§ **Task statement**: A faithful copy of the entries is needed, one that leaves out the pictures.

§ **Provided data**:
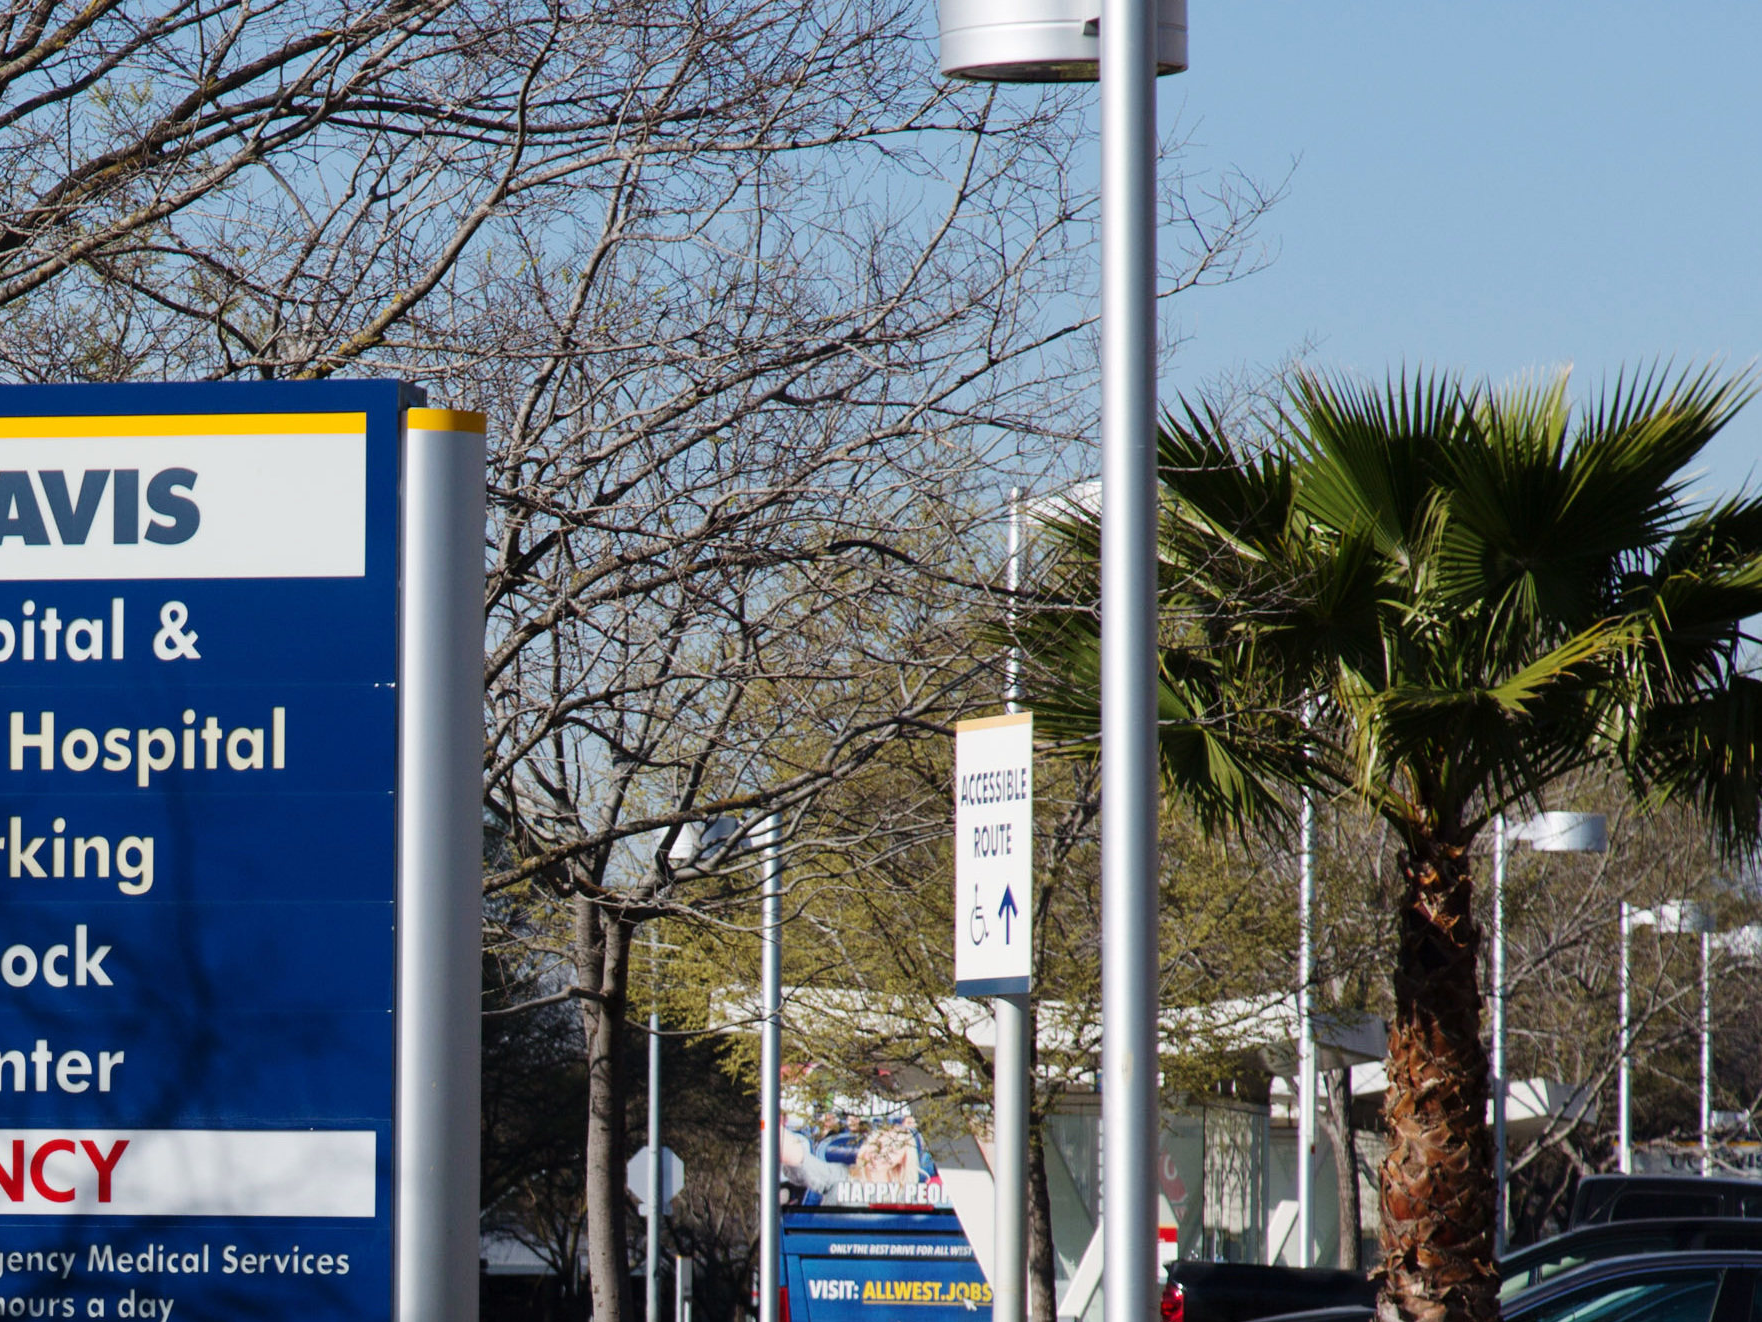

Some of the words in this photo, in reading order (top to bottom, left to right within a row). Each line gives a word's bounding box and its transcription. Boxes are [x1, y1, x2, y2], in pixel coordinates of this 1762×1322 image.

[152, 600, 202, 662] &
[9, 706, 286, 788] Hospital
[961, 768, 1026, 806] ACCESSIBLE
[973, 823, 1012, 858] ROUTE
[838, 1182, 899, 1204] HAPPY
[87, 1243, 209, 1274] Medical
[222, 1244, 350, 1275] Services
[830, 1243, 853, 1255] ONLY
[852, 1244, 868, 1255] THE
[869, 1244, 890, 1256] BEST
[890, 1244, 915, 1256] DRIVE
[916, 1245, 934, 1256] FOR
[934, 1245, 949, 1256] ALL
[808, 1280, 859, 1300] VISIT:
[863, 1280, 993, 1302] ALLWEST.JOBS
[86, 1297, 105, 1318] a
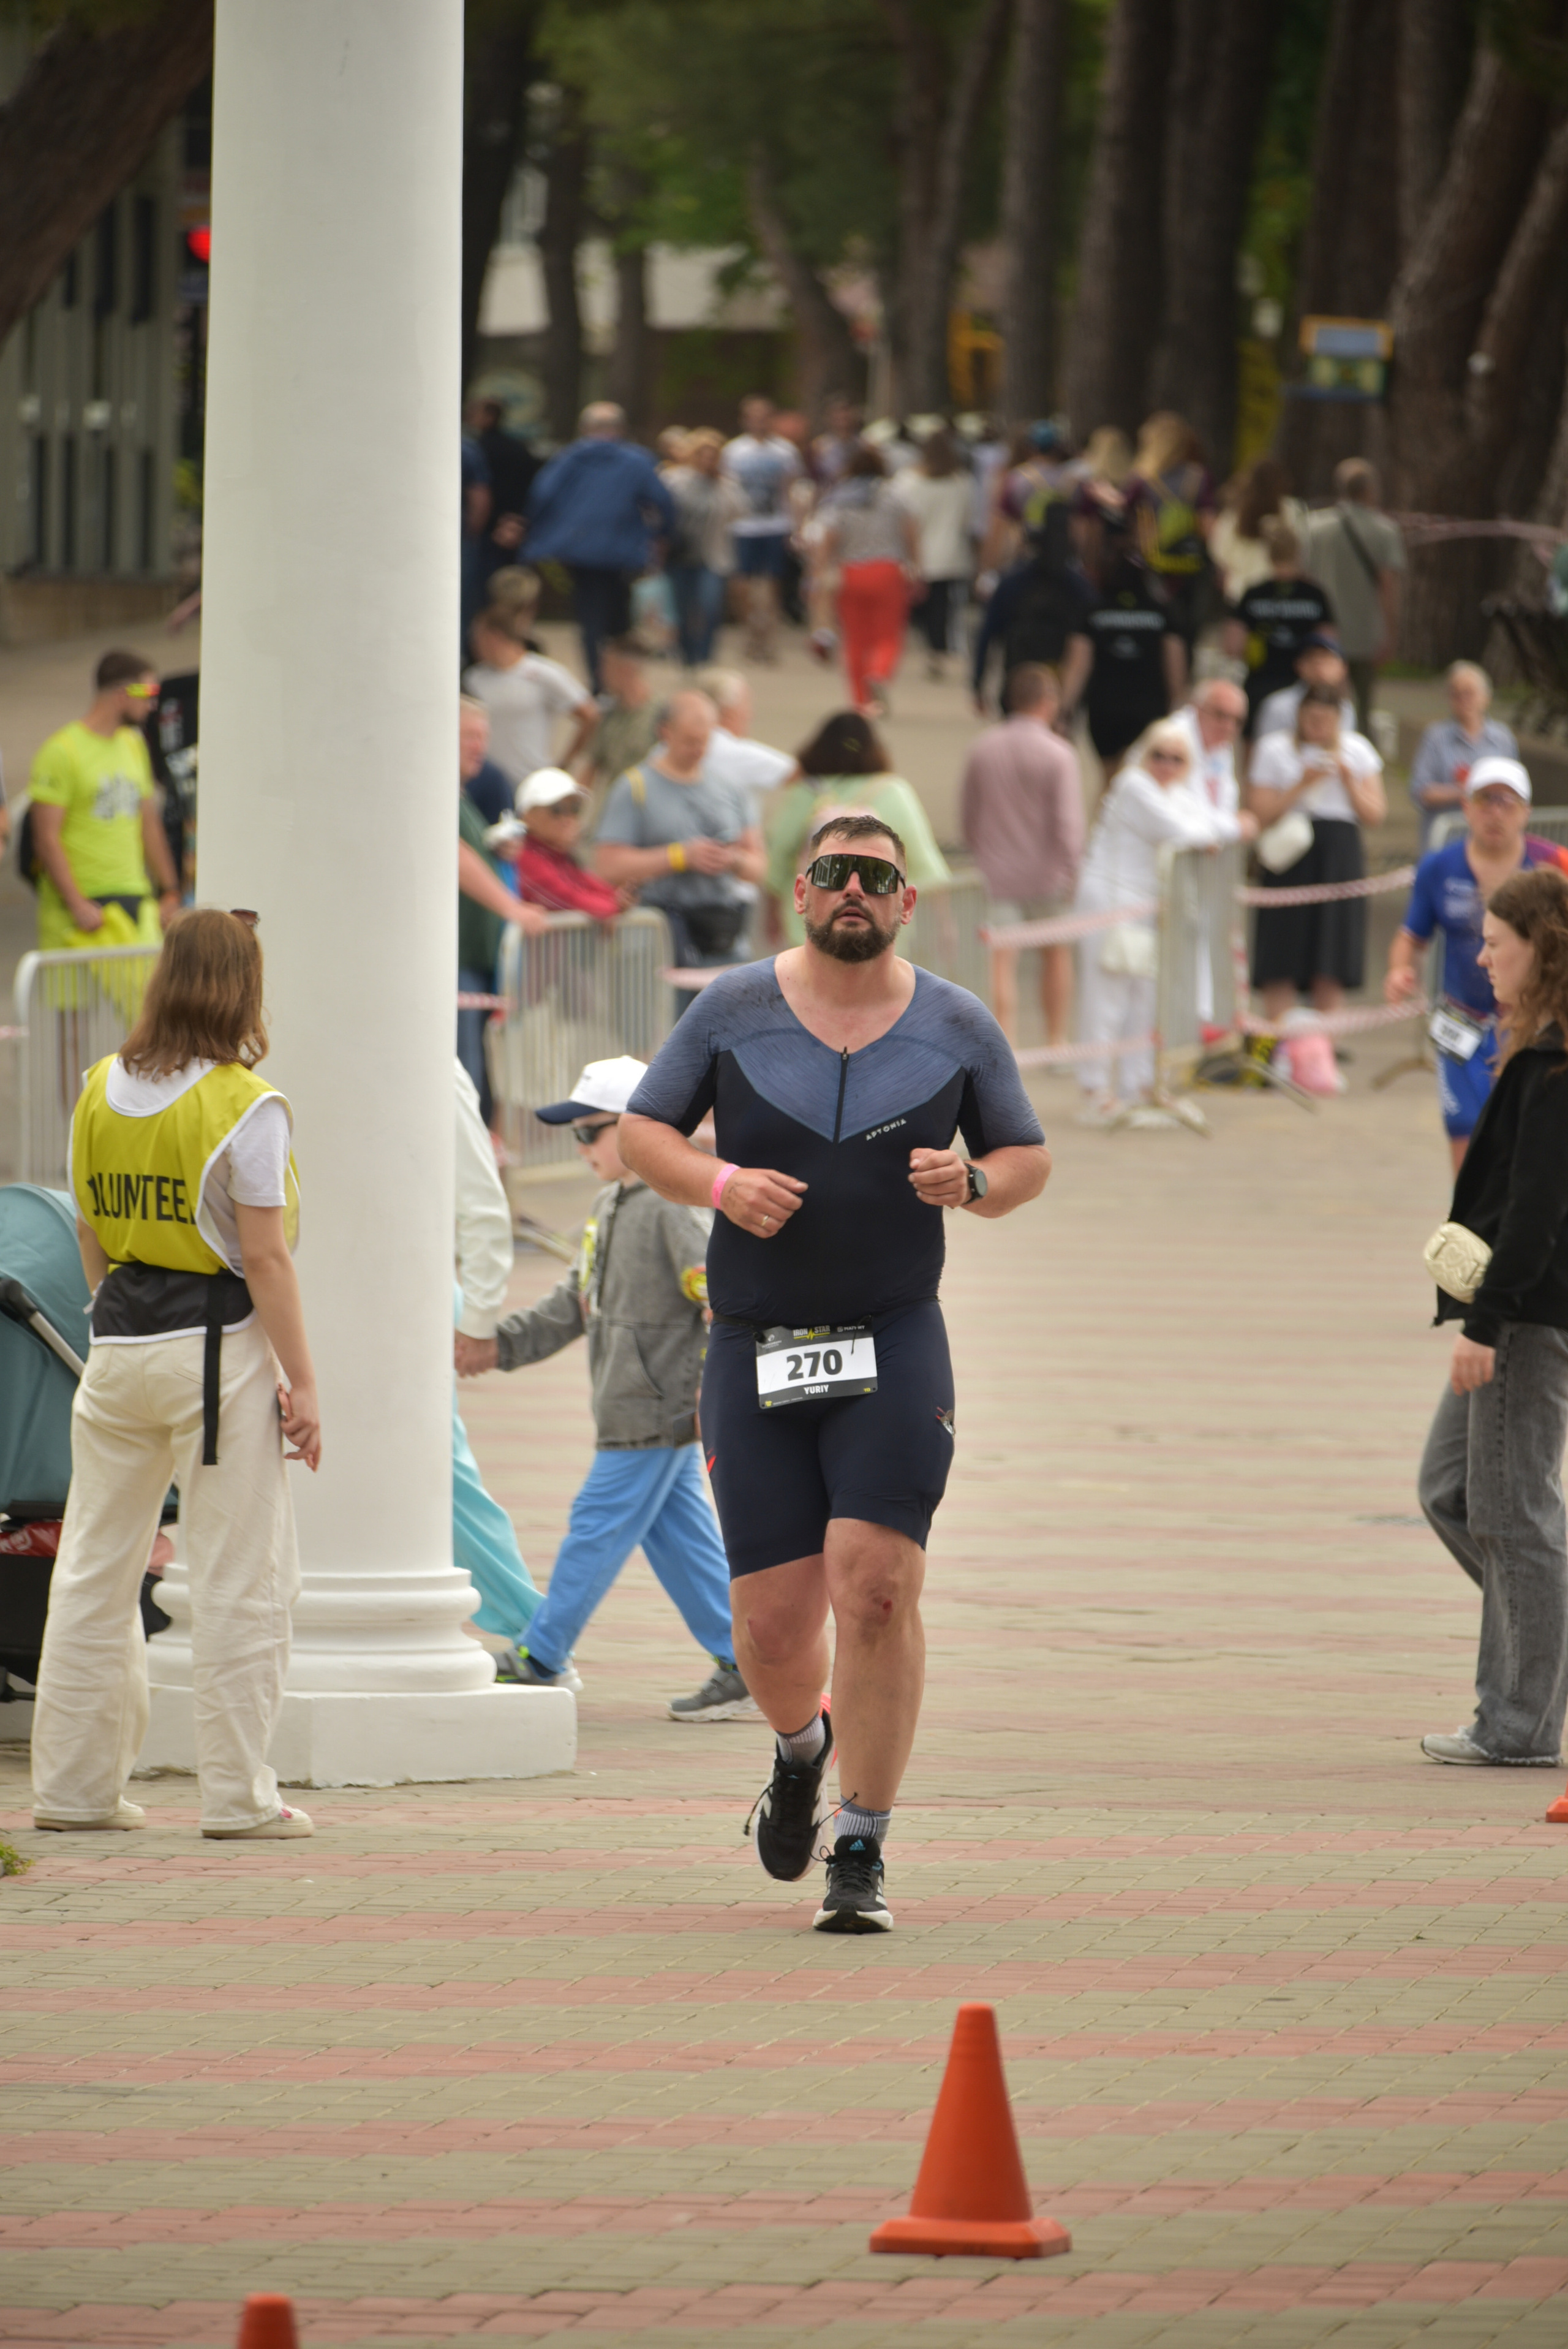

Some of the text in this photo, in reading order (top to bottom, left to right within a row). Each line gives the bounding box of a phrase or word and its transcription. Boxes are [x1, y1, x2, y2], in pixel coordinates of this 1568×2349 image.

[865, 1118, 907, 1141] APTONIA
[793, 1328, 808, 1337] IRON
[786, 1349, 843, 1382] 270
[804, 1385, 829, 1394] YURIY

§ **Task answer**:
Some of the words in this photo, in reading order (top to bottom, left to right within a row). Each line gives a word's bounding box and its transcription. Boxes are [x1, y1, x2, y2], in pixel coordinates of this 1762×1322 image.

[152, 600, 202, 662] &
[9, 706, 286, 788] Hospital
[961, 768, 1026, 806] ACCESSIBLE
[973, 823, 1012, 858] ROUTE
[838, 1182, 899, 1204] HAPPY
[87, 1243, 209, 1274] Medical
[222, 1244, 350, 1275] Services
[830, 1243, 853, 1255] ONLY
[852, 1244, 868, 1255] THE
[869, 1244, 890, 1256] BEST
[890, 1244, 915, 1256] DRIVE
[916, 1245, 934, 1256] FOR
[934, 1245, 949, 1256] ALL
[808, 1280, 859, 1300] VISIT:
[863, 1280, 993, 1302] ALLWEST.JOBS
[86, 1297, 105, 1318] a

Some of the text in this photo, in reading order (top to bottom, left to right within a row). Each line gives the bounding box of a phrase or word and its transcription. Boxes are [x1, y1, x2, y2], in pixel coordinates of this 1568×2349 image.

[865, 1118, 907, 1141] APTONIA
[793, 1328, 808, 1337] IRON
[786, 1349, 843, 1382] 270
[804, 1385, 829, 1394] YURIY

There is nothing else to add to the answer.